● **INFORMATION**:
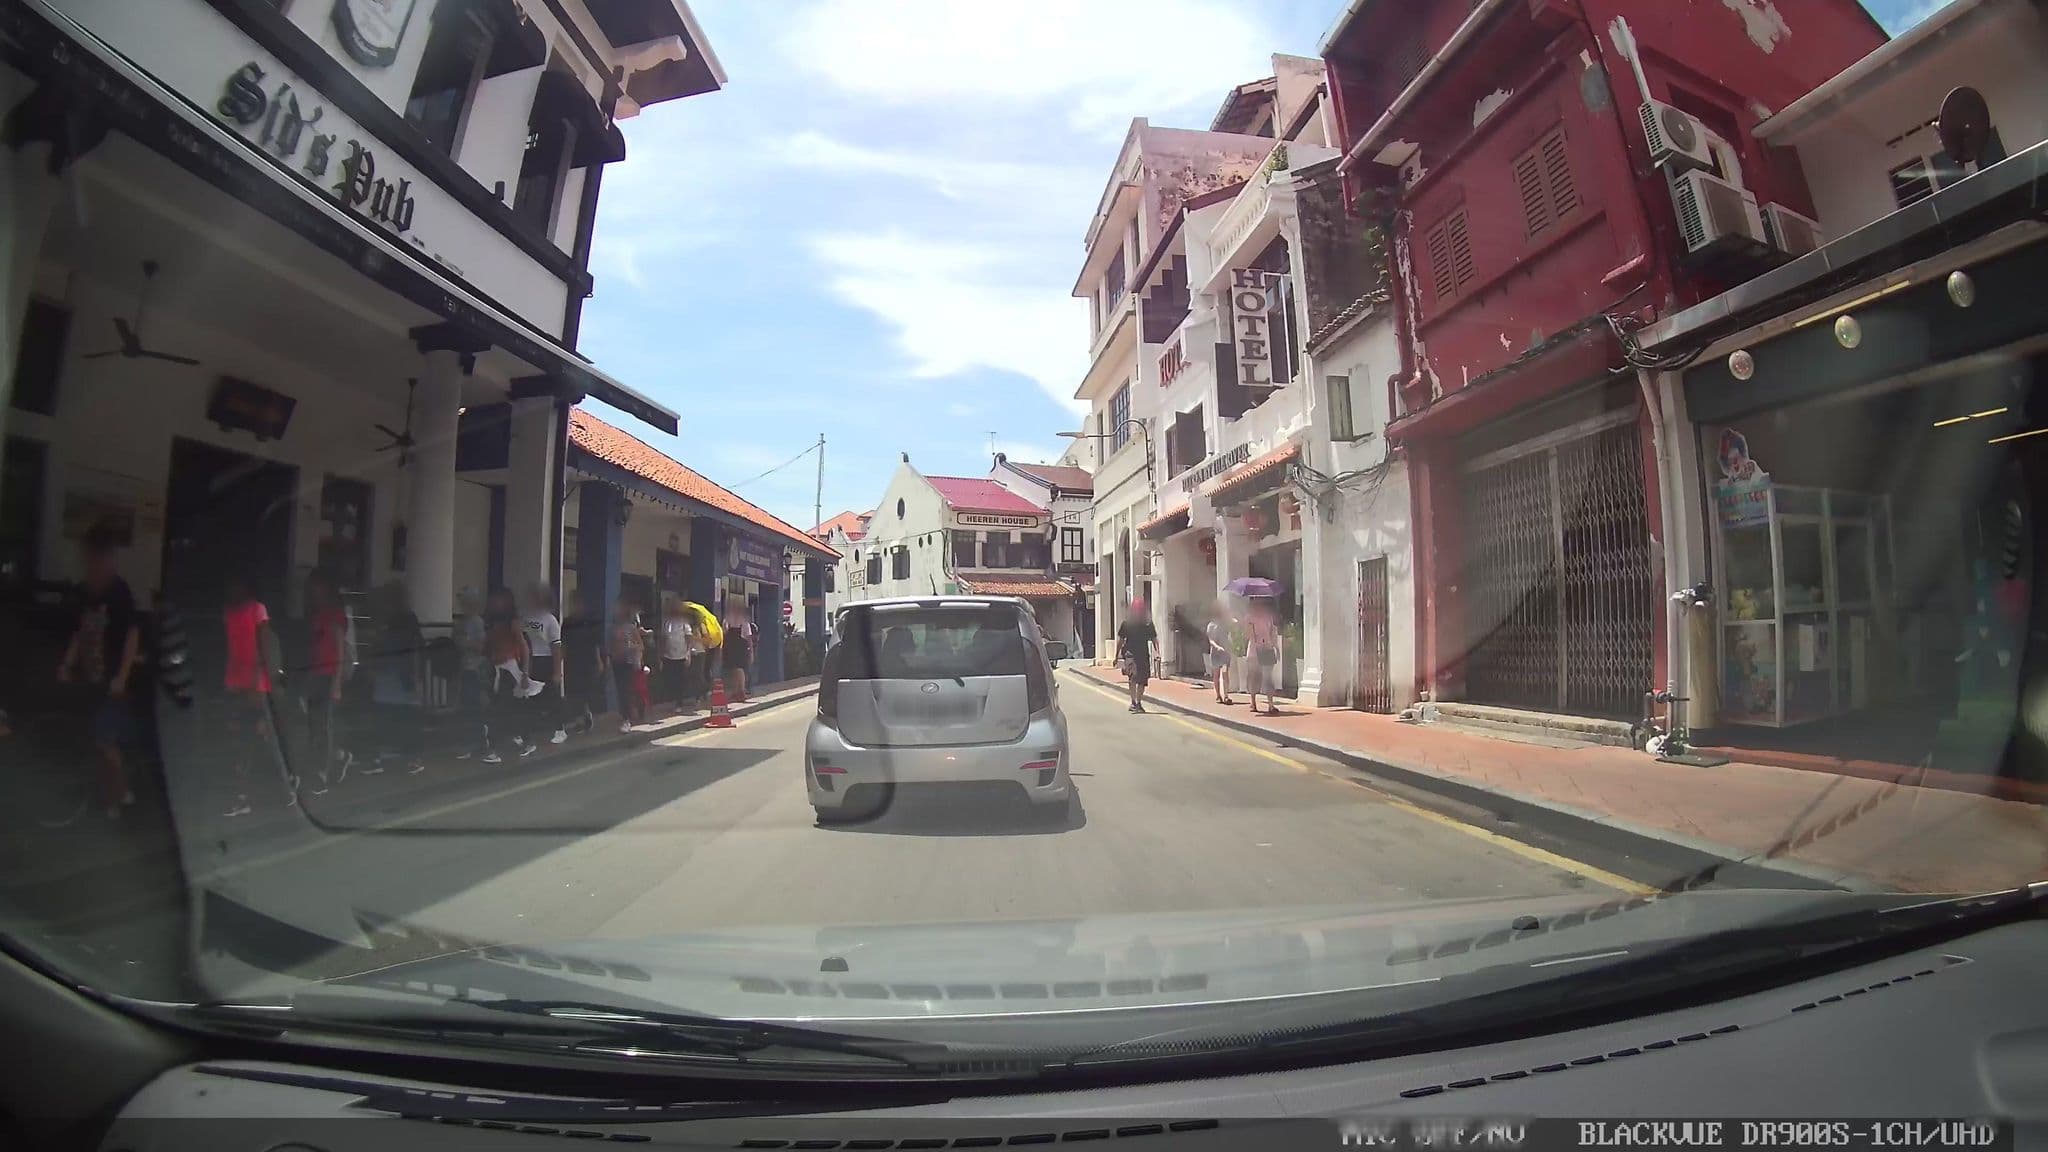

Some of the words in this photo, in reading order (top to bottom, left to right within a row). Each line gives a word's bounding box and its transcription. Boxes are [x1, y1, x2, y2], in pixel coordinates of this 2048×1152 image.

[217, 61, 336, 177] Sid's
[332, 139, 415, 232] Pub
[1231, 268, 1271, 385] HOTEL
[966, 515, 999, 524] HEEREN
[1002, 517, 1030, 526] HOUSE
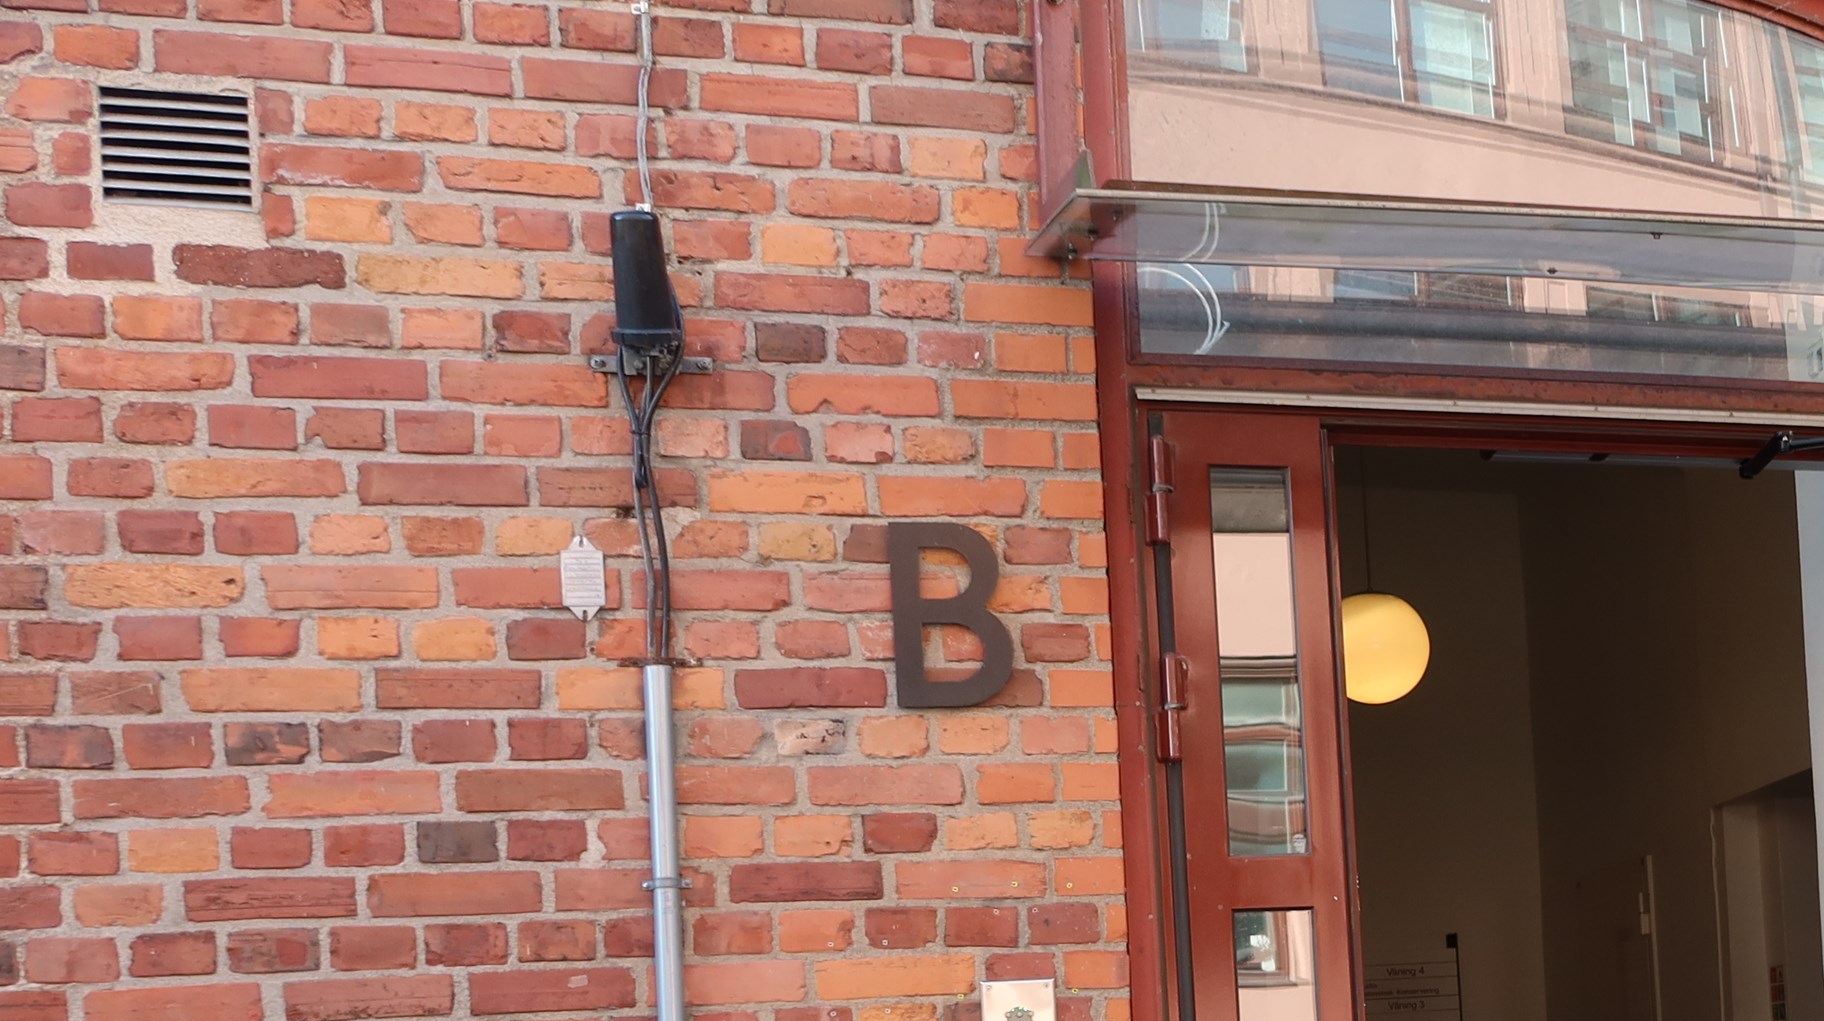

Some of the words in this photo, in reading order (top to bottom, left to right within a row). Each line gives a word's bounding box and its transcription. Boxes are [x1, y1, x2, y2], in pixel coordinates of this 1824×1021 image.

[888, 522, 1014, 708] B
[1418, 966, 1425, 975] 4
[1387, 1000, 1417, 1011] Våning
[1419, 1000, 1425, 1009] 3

● **PROBLEM STATEMENT**: Repeat the whole of the material above exactly, but keep the pictures out.

● **SOLUTION BELOW**:
Some of the words in this photo, in reading order (top to bottom, left to right within a row). Each line gives a word's bounding box and its transcription. Boxes are [x1, y1, x2, y2], in pixel coordinates of this 2048×1152 image.

[217, 61, 336, 177] Sid's
[332, 139, 415, 232] Pub
[1231, 268, 1271, 385] HOTEL
[966, 515, 999, 524] HEEREN
[1002, 517, 1030, 526] HOUSE

Some of the words in this photo, in reading order (top to bottom, left to right within a row). Each line gives a word's bounding box and its transcription. Boxes are [x1, y1, x2, y2], in pixel coordinates of this 1824×1021 image.

[888, 522, 1014, 708] B
[1418, 966, 1425, 975] 4
[1387, 1000, 1417, 1011] Våning
[1419, 1000, 1425, 1009] 3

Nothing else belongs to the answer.